Intimate Vision in Late Eighteenth-Century Eye Miniatures

The end of the eighteenth century saw the start of a new craze in Europe: tiny portraits of single eyes that were exchanged by lovers or family members. Worn as brooches or pendants, these minuscule eyes served the same emotional need as more conventional mementoes, such as lockets containing a coil of a loved one’s hair. The fashion lasted only a few decades, and by the early 1800s eye miniatures had faded into oblivion. Unearthing these portraits in Treasuring the Gaze, Hanneke Grootenboer proposes that the rage for eye miniatures—and their abrupt disappearance—reveals a knot in the unfolding of the history of vision.
 
Drawing on Alois Riegl, Jean-Luc Nancy, Marcia Pointon, Melanie Klein, and others, Grootenboer unravels this knot, discovering previously unseen patterns of looking and strategies for showing. She shows that eye miniatures portray the subject’s gaze rather than his or her eye, making the recipient of the keepsake an exclusive beholder who is perpetually watched. These treasured portraits always return the looks they receive and, as such, they create a reciprocal mode of viewing that Grootenboer calls intimate vision. Recounting stories about eye miniatures—including the role one played in the scandalous affair of Mrs. Fitzherbert and the Prince of Wales, a portrait of the mesmerizing eye of Lord Byron, and the loss and longing incorporated in crying eye miniatures—Grootenboer shows that intimate vision brings the gaze of another deep into the heart of private experience.
 
With a host of fascinating imagery from this eccentric and mostly forgotten yet deeply private keepsake, Treasuring the Gaze provides new insights into the art of miniature painting and the genre of portraiture.

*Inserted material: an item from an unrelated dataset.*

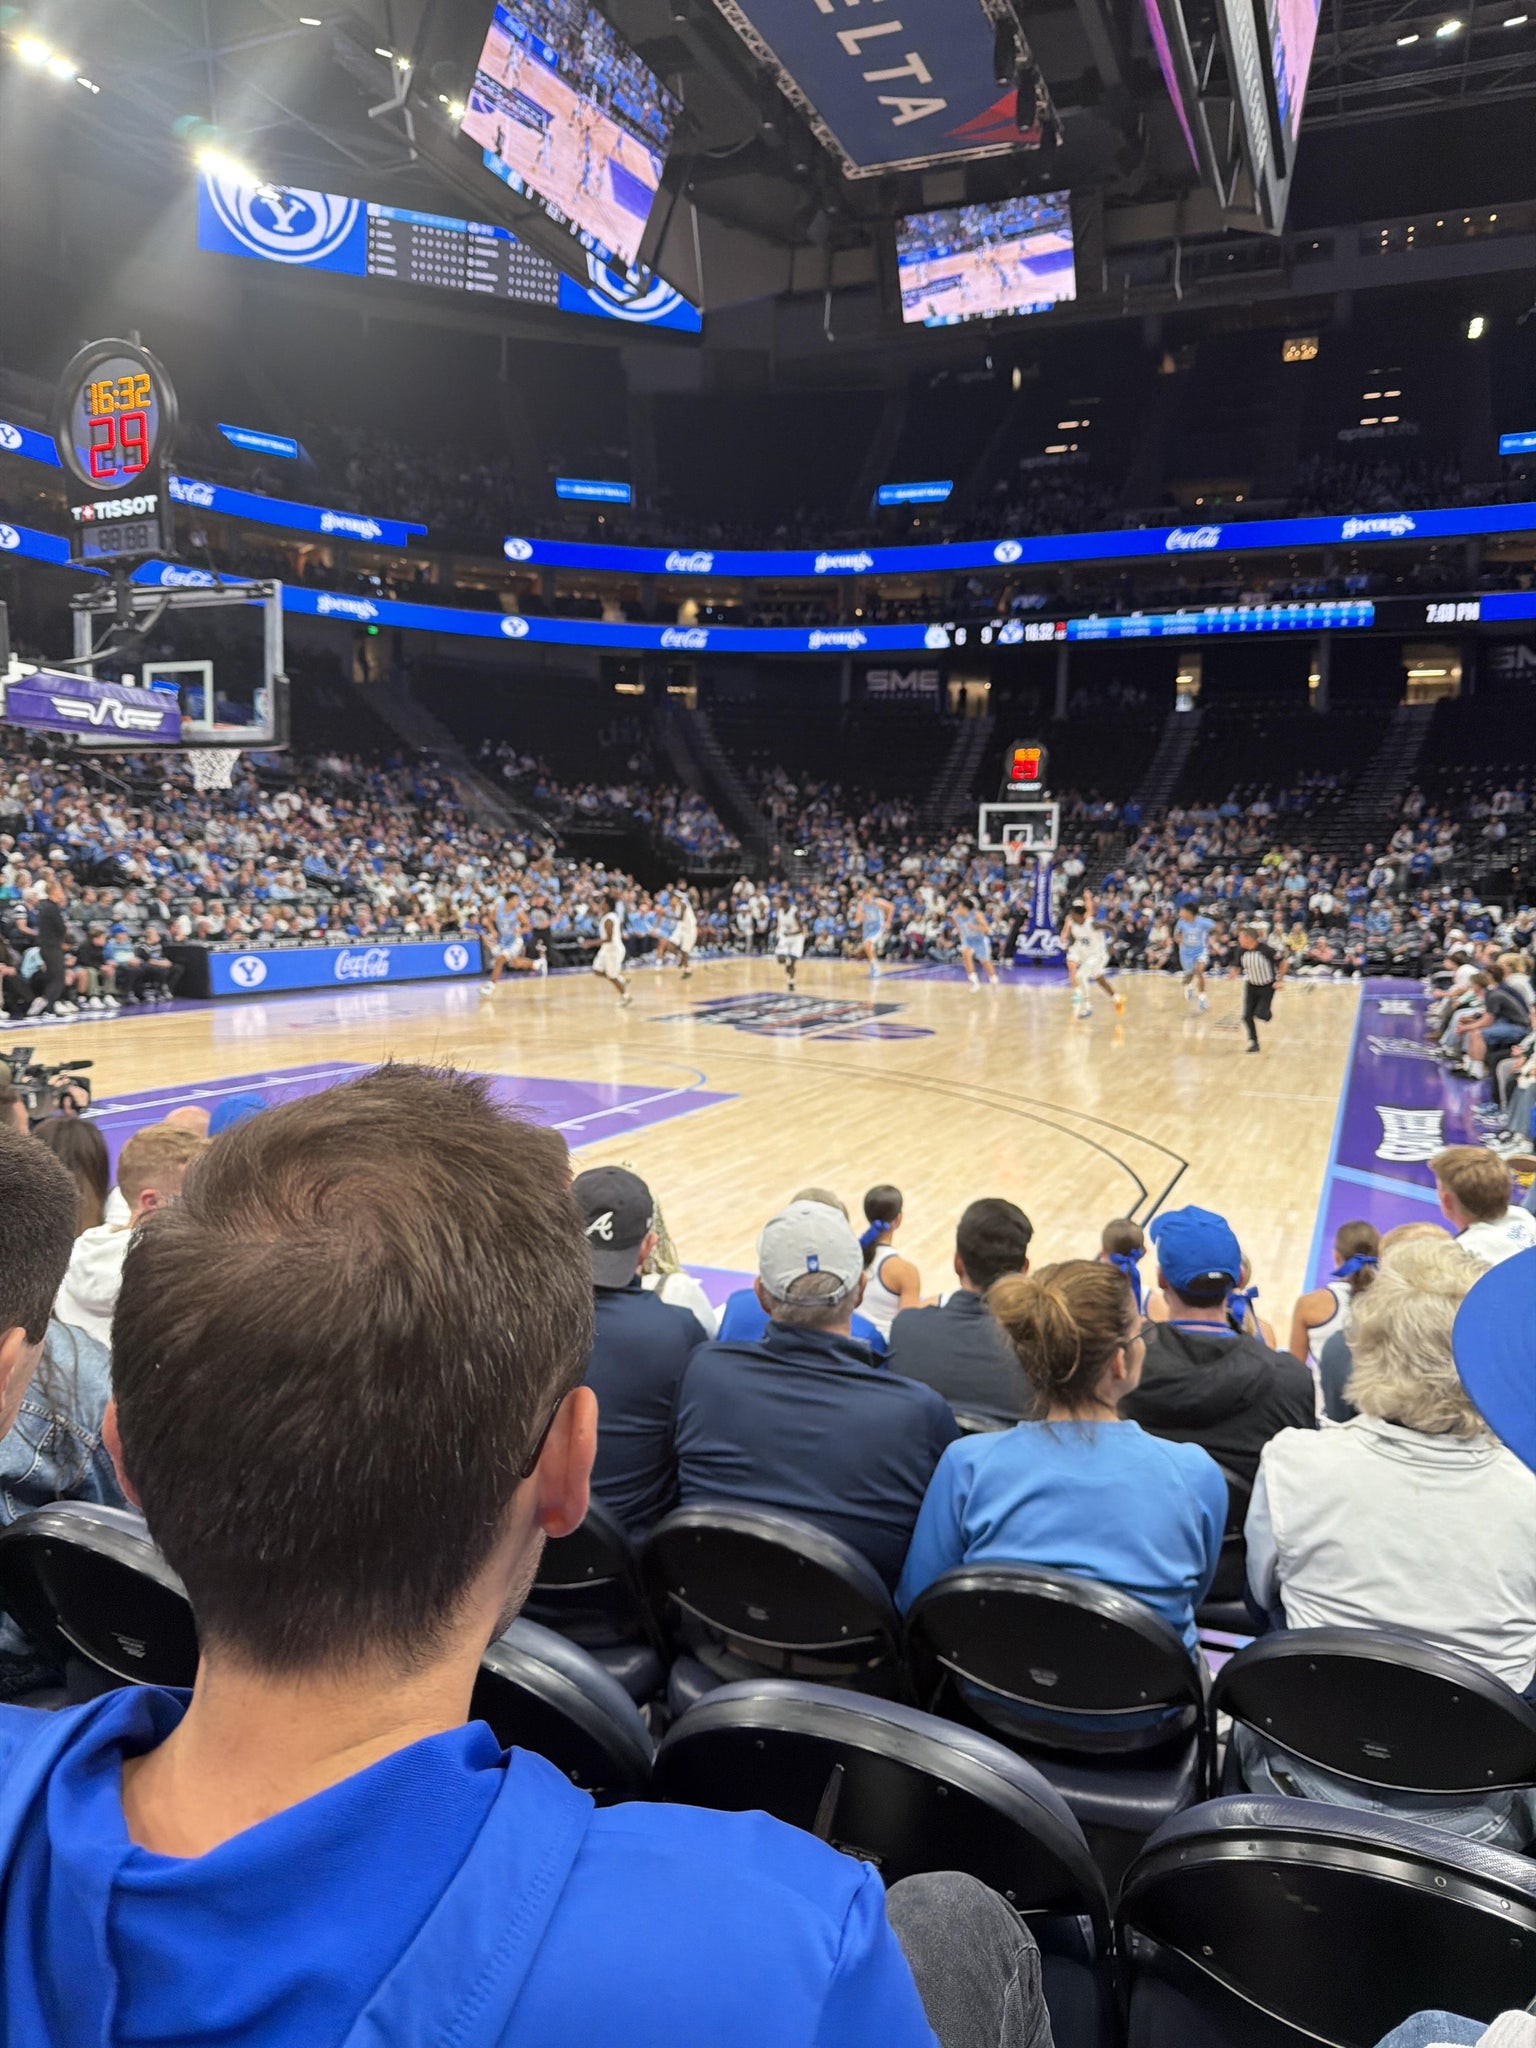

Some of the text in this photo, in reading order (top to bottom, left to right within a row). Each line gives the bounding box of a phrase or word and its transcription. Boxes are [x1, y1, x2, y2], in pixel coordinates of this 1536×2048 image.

300 pages | 24 color plates, 53 halftones | 7 x 10 | © 2013

Art: European Art

History of Science

Reviews

“The selection of illustrations, including a set of fine color plates, is most enlightening. . . . Recommended.”

Choice

“Unflinchingly probing. . . . Grootenboer has produced a courageous book that deserves to be widely read for its penetrating analysis of what kinds of responses images elicit.”

Marcia Pointon | Art History

“With precision, clarity, and theoretical sophistication, Treasuring the Gaze builds almost symphonically to its masterful conclusion, offering its readers a profound and compelling meditation on questions at the very heart of visuality, representation, and the discipline of art history itself.”

Vittoria Di Palma | Art Bulletin

“Provides a rich account of the material that is quite literally fascinating. First and foremost, the book is a challenging contribution to the theory of vision and to psychoanalytical aesthetics in particular, which will be of interest to scholars of visual culture, of eighteenth- and nineteenth-century art, of portraiture, and far beyond.”

Elsje van Kessel | CAA Reviews

“[A] fascinating book. . . . [Grootenboer] enables us to see afresh the complex problems posed by the structure of works of art in which an object that is in fact a subject is looking at its viewer who is also a subject.”

Kunstchronik

 “Grootenboer argues cohesively and persuasively for understanding the intimate gaze through visual perception and psychological analysis. Her case is built on a highly original investigation of the eye miniature. . . . Grootenboer deftly charts the gazing games played out by artists, lovers and mourners in this period of sentiment and Romanticism.”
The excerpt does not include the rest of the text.